Greets - I'm trying to write a machine-specific glade gui and I need to create a multiple step jog sequence while a button (and/or preferably a HAL pin) is true. The jog info and my test jogging to a single target value works fine in my glade panels, however the "if" tests (trying not to set up "while" blocking) don't seem to actually get tested while the glade button is depressed for the multiple target points version.

For example: a glade panel contains 3 spinners (feed, target_a, target_b) and a button (go), and there is a working basic environment for axes and feedback. Assuming the current position is 0.00, the target_a is 1.00 and target_b is 2.00, and feed = 50....if I have a function and assuming we are in linuxcnc.MODE_MANUAL:

   def go_pressed(self, widget, data=None)
      feed = self.builder.get_object("feed").get_value()   # which comes from the glade panel as 50.0       target_a = self.builder.get_object("target_a").get_value()  # which comes from the glade panel as 1.00       target_b = self.builder.get_object("target_b").get_value()  # which comes from the glade panel as 2.00       if feed > 0:  # test to make sure there is a motion feedrate so we don't stall forever...
         self.s.poll()
         position = self.s.actual_position[0]  # assuming X axis for testing          if position < target_a:   # tests that position is less than target_a, where we are going to jog positive to get to target_a             self.c.jog(self.cnc.JOG_CONTINUOUS, 0, feed) # assumes joint 0 for testing          elif position < target_b:  # we should fall through to here once position = target_a, but we DON'T!             self.c.jog(self.cnc.JOG_CONTINUOUS, 0, feed / 10)   # note the div 10 for "really slow".
         else:
            print 'All done'
            self.c.jog(self.cnc.JOG_STOP, 0)   # and stop motion even if the button is still pressed, yet this also doesn't get tested!

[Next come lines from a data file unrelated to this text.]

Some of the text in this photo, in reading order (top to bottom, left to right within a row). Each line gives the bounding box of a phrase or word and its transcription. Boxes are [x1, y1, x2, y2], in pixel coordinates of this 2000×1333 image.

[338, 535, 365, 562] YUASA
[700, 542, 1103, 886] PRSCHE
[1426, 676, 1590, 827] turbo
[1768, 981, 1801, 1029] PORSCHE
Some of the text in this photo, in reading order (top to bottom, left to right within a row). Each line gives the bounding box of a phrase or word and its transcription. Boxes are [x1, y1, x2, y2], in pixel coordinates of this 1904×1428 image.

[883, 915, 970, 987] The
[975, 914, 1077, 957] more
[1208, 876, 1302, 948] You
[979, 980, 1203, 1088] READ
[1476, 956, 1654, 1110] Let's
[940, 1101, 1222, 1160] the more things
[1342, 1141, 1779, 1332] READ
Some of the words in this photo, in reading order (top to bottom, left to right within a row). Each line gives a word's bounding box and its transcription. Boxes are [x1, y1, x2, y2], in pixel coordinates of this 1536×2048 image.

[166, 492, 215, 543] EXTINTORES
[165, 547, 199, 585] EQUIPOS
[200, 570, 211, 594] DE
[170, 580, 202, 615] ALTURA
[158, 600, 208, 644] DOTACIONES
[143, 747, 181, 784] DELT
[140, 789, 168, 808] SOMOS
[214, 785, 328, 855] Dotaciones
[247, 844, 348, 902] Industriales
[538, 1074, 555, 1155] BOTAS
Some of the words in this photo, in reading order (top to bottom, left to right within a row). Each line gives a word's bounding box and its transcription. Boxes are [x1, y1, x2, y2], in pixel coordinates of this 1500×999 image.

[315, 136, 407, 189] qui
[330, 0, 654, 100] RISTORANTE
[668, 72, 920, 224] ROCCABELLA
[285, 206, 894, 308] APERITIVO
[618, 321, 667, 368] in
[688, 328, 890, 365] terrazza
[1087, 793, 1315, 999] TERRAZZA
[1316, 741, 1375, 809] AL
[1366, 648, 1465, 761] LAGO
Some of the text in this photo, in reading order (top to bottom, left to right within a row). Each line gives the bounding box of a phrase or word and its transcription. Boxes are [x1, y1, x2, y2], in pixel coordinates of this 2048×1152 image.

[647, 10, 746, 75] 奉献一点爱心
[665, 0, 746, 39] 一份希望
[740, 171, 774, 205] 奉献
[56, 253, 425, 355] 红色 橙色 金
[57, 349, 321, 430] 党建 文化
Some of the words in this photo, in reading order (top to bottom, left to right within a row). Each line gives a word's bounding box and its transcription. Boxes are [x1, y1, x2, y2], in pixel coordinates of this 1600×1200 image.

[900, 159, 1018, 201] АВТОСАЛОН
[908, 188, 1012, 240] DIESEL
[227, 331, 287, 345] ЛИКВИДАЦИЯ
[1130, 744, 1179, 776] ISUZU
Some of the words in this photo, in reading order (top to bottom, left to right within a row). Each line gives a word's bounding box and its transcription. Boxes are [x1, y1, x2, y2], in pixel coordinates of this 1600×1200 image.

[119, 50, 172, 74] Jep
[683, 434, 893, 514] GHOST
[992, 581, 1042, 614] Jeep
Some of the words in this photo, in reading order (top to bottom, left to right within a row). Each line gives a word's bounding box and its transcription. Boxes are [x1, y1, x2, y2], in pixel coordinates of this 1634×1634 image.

so the above has a companion go_released function for completeness that I didn't show (the basics of this came from John Thorton's excellent tutorials - thank you , BTW) -- the function above is the crux to get right first.

I understand the concept of non-blocking routines from other aspects of my career, so have been cautious to avoid a test like "where" that could potentially stall the python script. What I am observing with the above (and about 5 or 6 variants I tried without success, including external functions, mdi sequences, wait_for_complete - which does block etc) is that if I keep the button pressed the routine keeps running, it seems to get stalled in the first "if" test and never jumps out. If I release the button, motion stops as expected - and if I'm lucky to do it between states, the "if" statements get re-evaluated, and the 2nd test will get tried. For example, if I press button and I release before position gets to 2.00, the re-press, the feed will be 10% - as required, but it will never re-test to find position >= target_b. IF I release and re-press past 2.00, then it does fall through to the final else.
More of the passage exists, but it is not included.